▶ _Directions for this task_
Print the entries once more, unchanged.

[[ Stored data open ]]

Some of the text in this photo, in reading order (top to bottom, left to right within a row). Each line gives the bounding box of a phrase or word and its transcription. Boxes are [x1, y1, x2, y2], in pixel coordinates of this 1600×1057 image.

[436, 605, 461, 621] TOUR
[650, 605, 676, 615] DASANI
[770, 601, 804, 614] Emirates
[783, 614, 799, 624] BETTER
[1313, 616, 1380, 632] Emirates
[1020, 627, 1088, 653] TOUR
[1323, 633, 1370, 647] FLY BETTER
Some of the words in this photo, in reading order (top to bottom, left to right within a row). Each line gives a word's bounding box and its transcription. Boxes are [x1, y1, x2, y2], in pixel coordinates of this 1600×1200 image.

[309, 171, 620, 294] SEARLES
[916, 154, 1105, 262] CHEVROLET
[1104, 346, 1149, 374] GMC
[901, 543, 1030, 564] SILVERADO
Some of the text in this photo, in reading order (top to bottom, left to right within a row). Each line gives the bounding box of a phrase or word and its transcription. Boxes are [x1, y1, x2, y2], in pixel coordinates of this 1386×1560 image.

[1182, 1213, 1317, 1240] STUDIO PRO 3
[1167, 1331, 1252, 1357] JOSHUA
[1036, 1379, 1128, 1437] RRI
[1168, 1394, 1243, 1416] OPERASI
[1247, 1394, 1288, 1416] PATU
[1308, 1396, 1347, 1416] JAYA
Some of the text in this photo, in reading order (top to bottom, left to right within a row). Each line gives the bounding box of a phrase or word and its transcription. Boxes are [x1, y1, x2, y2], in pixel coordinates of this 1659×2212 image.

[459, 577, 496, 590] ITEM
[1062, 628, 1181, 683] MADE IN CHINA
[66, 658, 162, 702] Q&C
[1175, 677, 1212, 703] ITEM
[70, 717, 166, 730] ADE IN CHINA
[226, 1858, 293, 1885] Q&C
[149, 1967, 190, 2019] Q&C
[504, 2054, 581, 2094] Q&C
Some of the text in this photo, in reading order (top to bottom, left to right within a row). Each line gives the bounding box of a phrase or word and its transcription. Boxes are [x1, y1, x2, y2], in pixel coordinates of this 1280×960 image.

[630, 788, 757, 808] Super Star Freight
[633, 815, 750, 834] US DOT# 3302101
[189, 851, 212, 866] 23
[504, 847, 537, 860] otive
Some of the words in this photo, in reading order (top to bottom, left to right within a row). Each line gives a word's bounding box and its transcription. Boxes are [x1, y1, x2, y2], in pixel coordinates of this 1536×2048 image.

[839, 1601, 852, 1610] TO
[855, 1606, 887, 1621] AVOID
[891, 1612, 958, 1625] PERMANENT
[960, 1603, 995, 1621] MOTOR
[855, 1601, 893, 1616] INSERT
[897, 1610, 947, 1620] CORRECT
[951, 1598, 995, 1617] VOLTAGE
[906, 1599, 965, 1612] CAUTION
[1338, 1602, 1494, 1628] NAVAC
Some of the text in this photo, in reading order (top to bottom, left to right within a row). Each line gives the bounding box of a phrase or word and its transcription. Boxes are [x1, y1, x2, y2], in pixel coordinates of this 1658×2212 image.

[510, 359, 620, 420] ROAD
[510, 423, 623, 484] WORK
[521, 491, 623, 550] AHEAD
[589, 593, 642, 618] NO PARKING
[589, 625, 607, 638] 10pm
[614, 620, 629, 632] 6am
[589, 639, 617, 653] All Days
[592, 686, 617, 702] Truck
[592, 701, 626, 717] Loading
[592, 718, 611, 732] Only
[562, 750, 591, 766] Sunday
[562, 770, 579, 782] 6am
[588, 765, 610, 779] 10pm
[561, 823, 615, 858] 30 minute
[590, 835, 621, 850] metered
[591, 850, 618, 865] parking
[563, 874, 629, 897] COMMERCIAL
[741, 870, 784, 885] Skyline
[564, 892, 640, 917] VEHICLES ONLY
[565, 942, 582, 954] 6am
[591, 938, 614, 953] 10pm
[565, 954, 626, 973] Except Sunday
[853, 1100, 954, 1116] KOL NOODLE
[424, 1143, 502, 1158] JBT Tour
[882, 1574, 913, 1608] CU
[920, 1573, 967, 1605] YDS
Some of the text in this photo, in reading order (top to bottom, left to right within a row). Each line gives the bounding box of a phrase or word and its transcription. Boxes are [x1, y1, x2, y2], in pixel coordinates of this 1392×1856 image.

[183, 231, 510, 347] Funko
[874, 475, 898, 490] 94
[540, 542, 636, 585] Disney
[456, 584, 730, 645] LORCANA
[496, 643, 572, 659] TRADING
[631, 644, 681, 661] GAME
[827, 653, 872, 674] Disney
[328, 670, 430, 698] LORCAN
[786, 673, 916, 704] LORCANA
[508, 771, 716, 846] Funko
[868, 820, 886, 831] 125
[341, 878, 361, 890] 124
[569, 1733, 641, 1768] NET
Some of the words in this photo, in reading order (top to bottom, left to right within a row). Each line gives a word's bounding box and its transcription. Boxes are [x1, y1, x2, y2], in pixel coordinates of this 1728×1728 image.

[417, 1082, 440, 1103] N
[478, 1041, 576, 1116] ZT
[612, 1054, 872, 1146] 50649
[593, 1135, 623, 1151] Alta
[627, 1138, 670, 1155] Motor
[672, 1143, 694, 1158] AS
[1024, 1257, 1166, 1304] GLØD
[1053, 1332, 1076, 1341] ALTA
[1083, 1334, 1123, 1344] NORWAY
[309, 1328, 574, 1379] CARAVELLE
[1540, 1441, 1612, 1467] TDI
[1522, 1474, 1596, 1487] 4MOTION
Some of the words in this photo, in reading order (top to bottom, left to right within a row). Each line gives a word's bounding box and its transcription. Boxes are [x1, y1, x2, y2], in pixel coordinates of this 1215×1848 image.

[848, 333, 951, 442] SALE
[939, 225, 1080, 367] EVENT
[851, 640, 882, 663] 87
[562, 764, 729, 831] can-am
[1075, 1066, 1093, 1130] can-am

[[ Stored data closed ]]

▶ _Task result_
Some of the text in this photo, in reading order (top to bottom, left to right within a row). Each line gives the bounding box of a phrase or word and its transcription. Boxes are [x1, y1, x2, y2], in pixel coordinates of this 1600×1057 image.

[436, 605, 461, 621] TOUR
[650, 605, 676, 615] DASANI
[770, 601, 804, 614] Emirates
[783, 614, 799, 624] BETTER
[1313, 616, 1380, 632] Emirates
[1020, 627, 1088, 653] TOUR
[1323, 633, 1370, 647] FLY BETTER
Some of the words in this photo, in reading order (top to bottom, left to right within a row). Each line gives a word's bounding box and its transcription. Boxes are [x1, y1, x2, y2], in pixel coordinates of this 1600×1200 image.

[309, 171, 620, 294] SEARLES
[916, 154, 1105, 262] CHEVROLET
[1104, 346, 1149, 374] GMC
[901, 543, 1030, 564] SILVERADO
Some of the text in this photo, in reading order (top to bottom, left to right within a row). Each line gives the bounding box of a phrase or word and its transcription. Boxes are [x1, y1, x2, y2], in pixel coordinates of this 1386×1560 image.

[1182, 1213, 1317, 1240] STUDIO PRO 3
[1167, 1331, 1252, 1357] JOSHUA
[1036, 1379, 1128, 1437] RRI
[1168, 1394, 1243, 1416] OPERASI
[1247, 1394, 1288, 1416] PATU
[1308, 1396, 1347, 1416] JAYA
Some of the text in this photo, in reading order (top to bottom, left to right within a row). Each line gives the bounding box of a phrase or word and its transcription. Boxes are [x1, y1, x2, y2], in pixel coordinates of this 1659×2212 image.

[459, 577, 496, 590] ITEM
[1062, 628, 1181, 683] MADE IN CHINA
[66, 658, 162, 702] Q&C
[1175, 677, 1212, 703] ITEM
[70, 717, 166, 730] ADE IN CHINA
[226, 1858, 293, 1885] Q&C
[149, 1967, 190, 2019] Q&C
[504, 2054, 581, 2094] Q&C
Some of the text in this photo, in reading order (top to bottom, left to right within a row). Each line gives the bounding box of a phrase or word and its transcription. Boxes are [x1, y1, x2, y2], in pixel coordinates of this 1280×960 image.

[630, 788, 757, 808] Super Star Freight
[633, 815, 750, 834] US DOT# 3302101
[189, 851, 212, 866] 23
[504, 847, 537, 860] otive
Some of the words in this photo, in reading order (top to bottom, left to right within a row). Each line gives a word's bounding box and its transcription. Boxes are [x1, y1, x2, y2], in pixel coordinates of this 1536×2048 image.

[839, 1601, 852, 1610] TO
[855, 1606, 887, 1621] AVOID
[891, 1612, 958, 1625] PERMANENT
[960, 1603, 995, 1621] MOTOR
[855, 1601, 893, 1616] INSERT
[897, 1610, 947, 1620] CORRECT
[951, 1598, 995, 1617] VOLTAGE
[906, 1599, 965, 1612] CAUTION
[1338, 1602, 1494, 1628] NAVAC
Some of the text in this photo, in reading order (top to bottom, left to right within a row). Each line gives the bounding box of a phrase or word and its transcription. Boxes are [x1, y1, x2, y2], in pixel coordinates of this 1658×2212 image.

[510, 359, 620, 420] ROAD
[510, 423, 623, 484] WORK
[521, 491, 623, 550] AHEAD
[589, 593, 642, 618] NO PARKING
[589, 625, 607, 638] 10pm
[614, 620, 629, 632] 6am
[589, 639, 617, 653] All Days
[592, 686, 617, 702] Truck
[592, 701, 626, 717] Loading
[592, 718, 611, 732] Only
[562, 750, 591, 766] Sunday
[562, 770, 579, 782] 6am
[588, 765, 610, 779] 10pm
[561, 823, 615, 858] 30 minute
[590, 835, 621, 850] metered
[591, 850, 618, 865] parking
[563, 874, 629, 897] COMMERCIAL
[741, 870, 784, 885] Skyline
[564, 892, 640, 917] VEHICLES ONLY
[565, 942, 582, 954] 6am
[591, 938, 614, 953] 10pm
[565, 954, 626, 973] Except Sunday
[853, 1100, 954, 1116] KOL NOODLE
[424, 1143, 502, 1158] JBT Tour
[882, 1574, 913, 1608] CU
[920, 1573, 967, 1605] YDS
Some of the text in this photo, in reading order (top to bottom, left to right within a row). Each line gives the bounding box of a phrase or word and its transcription. Boxes are [x1, y1, x2, y2], in pixel coordinates of this 1392×1856 image.

[183, 231, 510, 347] Funko
[874, 475, 898, 490] 94
[540, 542, 636, 585] Disney
[456, 584, 730, 645] LORCANA
[496, 643, 572, 659] TRADING
[631, 644, 681, 661] GAME
[827, 653, 872, 674] Disney
[328, 670, 430, 698] LORCAN
[786, 673, 916, 704] LORCANA
[508, 771, 716, 846] Funko
[868, 820, 886, 831] 125
[341, 878, 361, 890] 124
[569, 1733, 641, 1768] NET
Some of the words in this photo, in reading order (top to bottom, left to right within a row). Each line gives a word's bounding box and its transcription. Boxes are [x1, y1, x2, y2], in pixel coordinates of this 1728×1728 image.

[417, 1082, 440, 1103] N
[478, 1041, 576, 1116] ZT
[612, 1054, 872, 1146] 50649
[593, 1135, 623, 1151] Alta
[627, 1138, 670, 1155] Motor
[672, 1143, 694, 1158] AS
[1024, 1257, 1166, 1304] GLØD
[1053, 1332, 1076, 1341] ALTA
[1083, 1334, 1123, 1344] NORWAY
[309, 1328, 574, 1379] CARAVELLE
[1540, 1441, 1612, 1467] TDI
[1522, 1474, 1596, 1487] 4MOTION
Some of the words in this photo, in reading order (top to bottom, left to right within a row). Each line gives a word's bounding box and its transcription. Boxes are [x1, y1, x2, y2], in pixel coordinates of this 1215×1848 image.

[848, 333, 951, 442] SALE
[939, 225, 1080, 367] EVENT
[851, 640, 882, 663] 87
[562, 764, 729, 831] can-am
[1075, 1066, 1093, 1130] can-am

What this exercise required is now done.